Não tínheis em que pensar e motivo de conversa? Ora aqui tendes um bom.
Rosa Rei e Albertina Milhana eram o oposto uma da outra: se fossem palavras eram antónimas. Rosa morava no beco da ribeira e Milhana no arrabalde da Lagariça. Rosa tinha voz de homem, Albertina se puxasse pela voz escavacava vidros, tal a estridência, Rei andava sempre na onda da frente, começa quando os outros só estavam a acabar a ladainha anterior, Albertina acabava quando já toda a gente ia na oração seguinte, Rosa estava completamente desdentada, Albertina cortava um travisco à dentada, Rosa teve um filho, Albertina uma filha, Rosa tinha um burro, Albertina uma burra, Rosa Rei puxava-o sempre pela rédea, Milhana ia sempre atrás, às vezes com um baraço preso à rabiça da albarda para acompanhar a besta.
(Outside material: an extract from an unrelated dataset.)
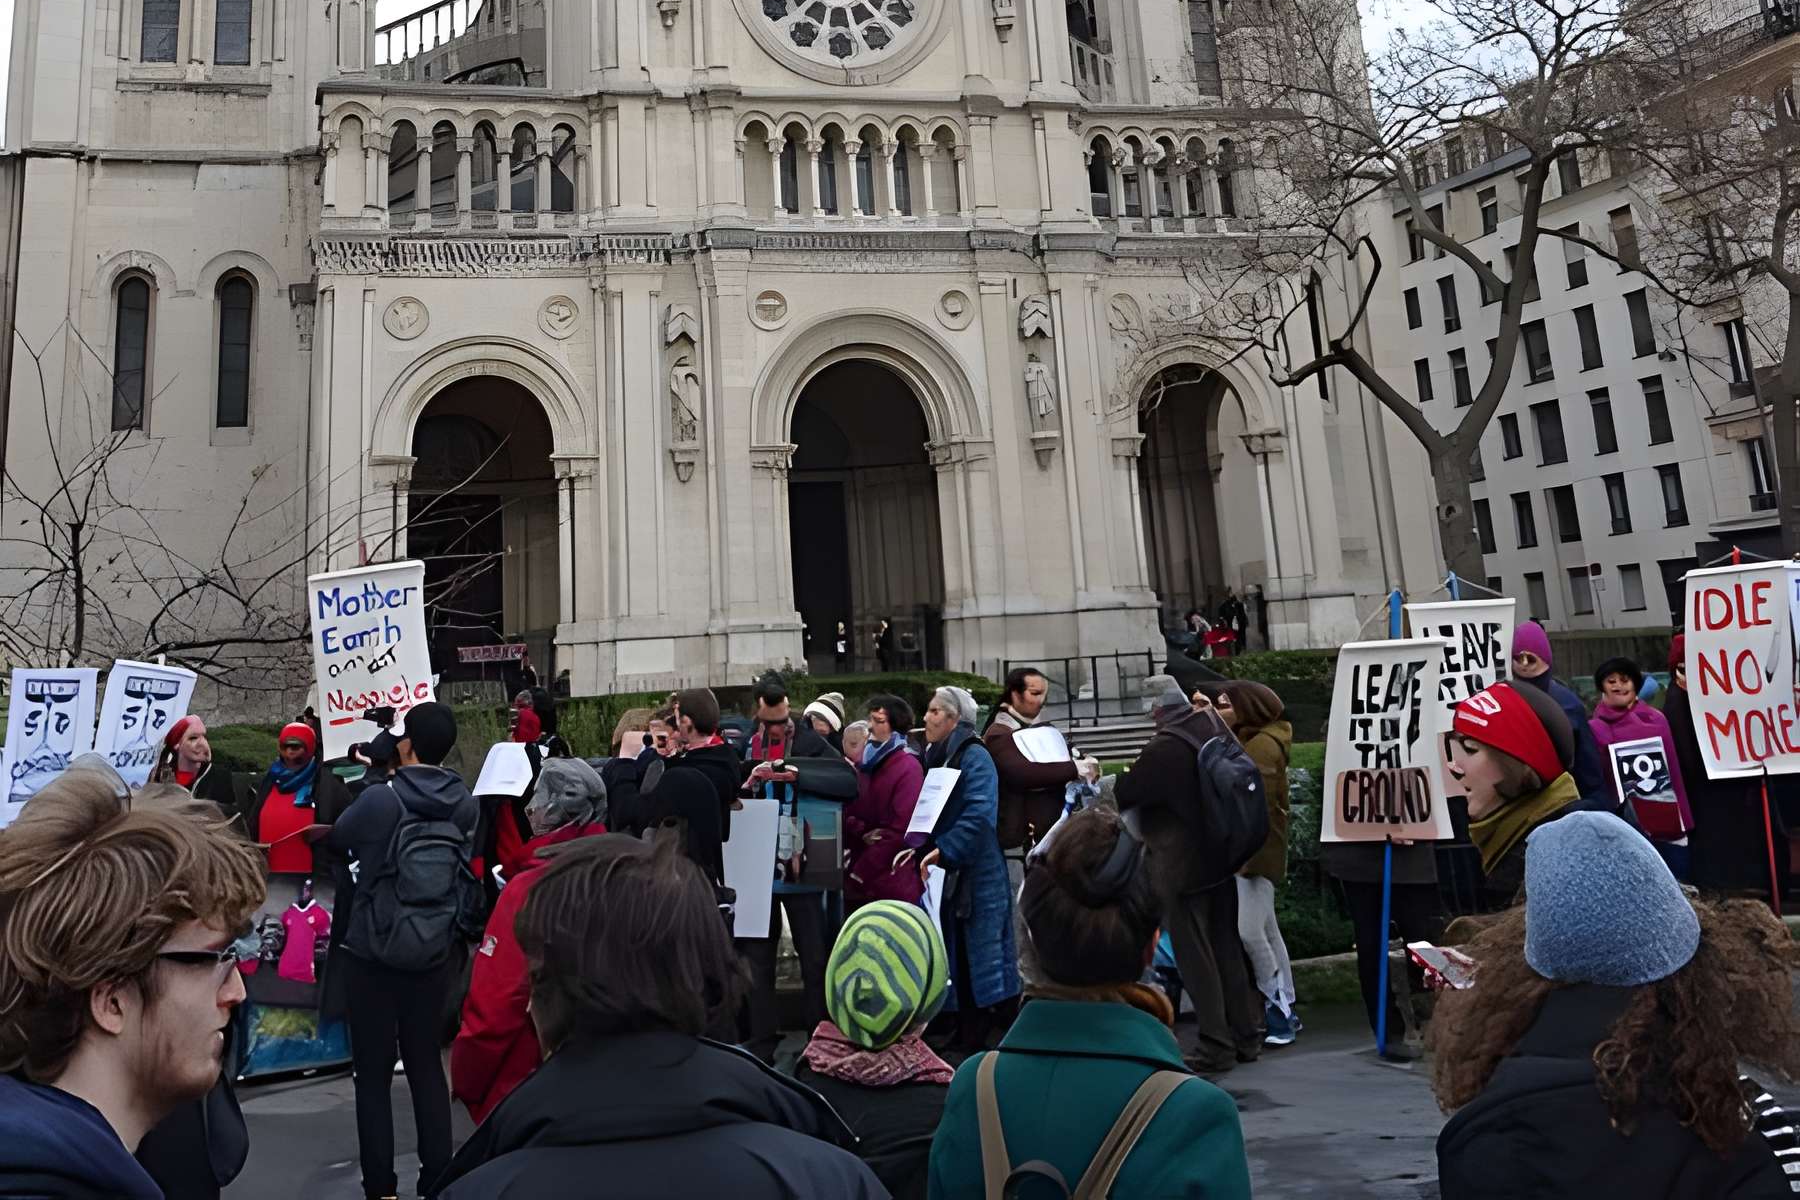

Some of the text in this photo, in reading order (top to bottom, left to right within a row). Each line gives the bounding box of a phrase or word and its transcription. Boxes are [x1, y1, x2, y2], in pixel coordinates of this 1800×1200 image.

Como se vê eram mesmo paralelas: nunca se encontrariam por muito que as prolongássemos.
Em comum, pois tudo tem uma excepção, era a sua presença continuada em todos os actos eclesiais, mas enquanto Rosa ficava logo no banco colado à coxia e chegava com meia hora de antecedência, Milhana ficava quase sempre no último banco, próximo do espaço já reservado aos homens, já que vinha sempre esbaforida em cima da hora, ainda a ajeitar o lenço. Rosa morava perto da Igreja, Albertina num extremo longínquo.
Não se falavam e Rosa dizia que Albertina ia atrás da burra que "era por mor de apanhar com as bunicras nas ventas", enquanto Albertina se defendia a dizer que ela puxava o burro pela rédea" Para ver o seu próprio retrato, quando olhava para trás".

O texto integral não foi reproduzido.